Том 3. Литературные и театральные воспоминания
Шрифт:
Кокошкин мне очень обрадовался, и я ему. Деревянный дом его на Арбате сгорел, и он купил себе огромный каменный дом у Арбатских ворот, где Мерзляков читал свои публичные лекции о русской литературе и где впоследствии было столько прекрасных благородных спектаклей. В Кокошкине незаметно было, что он пережил такую великую историческую годину: об ней и речи не было. Он весело встретил меня литературными и театральными новостями, точно как будто ничего не случилось важного с тех пор, как мы не видались. «Милый, как я вам рад! – восклицал Кокошкин, обнимая меня при первом нашем свидании, – как кстати вы приехали; Алексей Федорович у меня в зале читает публичные лекции, и, конечно, ничего подобного Москва не слыхивала; я решился поставить на сцену моего «Мизантропа» (он всегда называл его мой), я теперь весь погружен в репетиции – работы по горло. Ваши советы будут мне полезны (разумеется, это была учтивость). Кажется, я могу вам поручиться за два главные персонажа: за Мочалова [15] в Крутоне и за Львову-Синецкую в Прелестиной. Ах, да вы и не знаете ее! Какой я нашел талант для Москвы – и где же? В Рязани, куда я уезжал от французов. Синецкой девятнадцать лет, собою прелесть, страстно любит театр, умна и готова учиться с утра до вечера. Поедемте же завтра на репетицию, и я вам ее представлю; впрочем, она не служит еще при театре, а играет в первый раз, как дилетантка. Без нее, конечно, я не дал бы «Мизантропа». Что касается до Мочалова, то я сам не ожидал, чтоб он был так хорош в Крутоне. Вы оставили Мочалова в двенадцатом году весьма плохим актером, но у него вдруг открылся талант, и он сделался любимцем публики; талант у него точно есть, и большой, но искусства, искусства мало. Я боялся двух вещей: во-первых, что он не выучит роли (это его большой порок) и станет перевирать стихи, и, во-вторых, что он будет дурен во французском кафтане; но ему так хотелось дать «Мизантропа» себе в бенефис, что он заранее выпросил у меня пьесу и выучил роль претвердо. Я заставляю его репетировать во французском кафтане со шпагой и треугольной шляпой – и вы удивитесь, как он ловко себя держит; с его прекрасной наружностью и талантом он произведет большой эффект… но чего мне это
15
Степан Федорович Мочалов, отец нашего незабвенного П. С. Мочалова.

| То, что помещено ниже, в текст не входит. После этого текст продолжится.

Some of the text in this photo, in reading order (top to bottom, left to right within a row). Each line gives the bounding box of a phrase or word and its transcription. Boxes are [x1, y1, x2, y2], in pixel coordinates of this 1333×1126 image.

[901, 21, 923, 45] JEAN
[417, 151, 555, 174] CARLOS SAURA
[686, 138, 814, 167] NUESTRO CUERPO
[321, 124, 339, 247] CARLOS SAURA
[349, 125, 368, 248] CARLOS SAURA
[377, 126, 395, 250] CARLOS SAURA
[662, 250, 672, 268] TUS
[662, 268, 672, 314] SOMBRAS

Мне удалось слышать только одну лекцию Мерзлякова, именно ту, в которой он разбирал «Дмитрия Донского», и разбирал очень строго и справедливо. Несмотря на убедительные и ясные доказательства профессора, почти все слушатели нашли такой разбор любимой трагедии пристрастным и недоброжелательным, даже осердились за него. Стихи Озерова, после Сумарокова и Княжнина, так обрадовали публику, что она, восхитившись сначала, продолжала семь лет безотчетно ими восхищаться, с благодарностью вспоминая первое впечатление, – и вдруг, публично с кафедры ученый педант – чем был в глазах публики всякий профессор – смеет называть стихи по большей части дрянными, а всю трагедию – нелепостью… Волнение было сильное. Едва ли кто-нибудь из слушателей был так доволен, даже обрадован этой лекцией, как я, потому что лекция очень совпадала с жестоким разбором «Дмитрия Донского», написанным А. С. Шишковым; разбор этот я считал почти во всем справедливым. После чтения был завтрак у Кокошкина, и он, по моей просьбе, познакомил меня с Мерзляковым; я с горячностью высказал ему мое сочувствие и уважение и сообщил о критике Шишкова. В этот же день я видел в первый и последний раз Батюшкова.

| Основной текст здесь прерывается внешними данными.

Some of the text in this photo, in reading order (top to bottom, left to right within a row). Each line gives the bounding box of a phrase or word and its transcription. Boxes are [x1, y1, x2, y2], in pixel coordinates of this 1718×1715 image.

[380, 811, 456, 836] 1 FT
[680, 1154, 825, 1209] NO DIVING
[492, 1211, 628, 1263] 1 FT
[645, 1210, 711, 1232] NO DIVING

На репетицию «Мизантропа» я не попал, по каким-то особенным обстоятельствам; но первое представление в бенефис Мочалову, бывшее 15 декабря, я видел и не мог забыть этого спектакля. Он произвел на меня самое приятное и глубокое впечатление: Мочалов и Синецкая доставили мне истинное наслаждение, особенно Мочалов, потому что Синецкая была еще слишком неопытна, а роль требовала искусной и опытной актрисы. Впрочем, ее молодость, прекрасная наружность, благородство во всех движениях, необыкновенная чистота произношения обещали в ней со временем замечательную артистку (что и оправдалось), и публика приняла ее с громким и общим одобрением. Мочалов же был так хорош во всей пиесе, что я лучше его не видел актера в роли Мизантропа. Тогда же, по окончании пиесы, я поспешил с ним познакомиться; я нашел в нем очень доброго человека, любящего свое дело, но понимающего его только по инстинкту. В душе у него было много чувства и огня.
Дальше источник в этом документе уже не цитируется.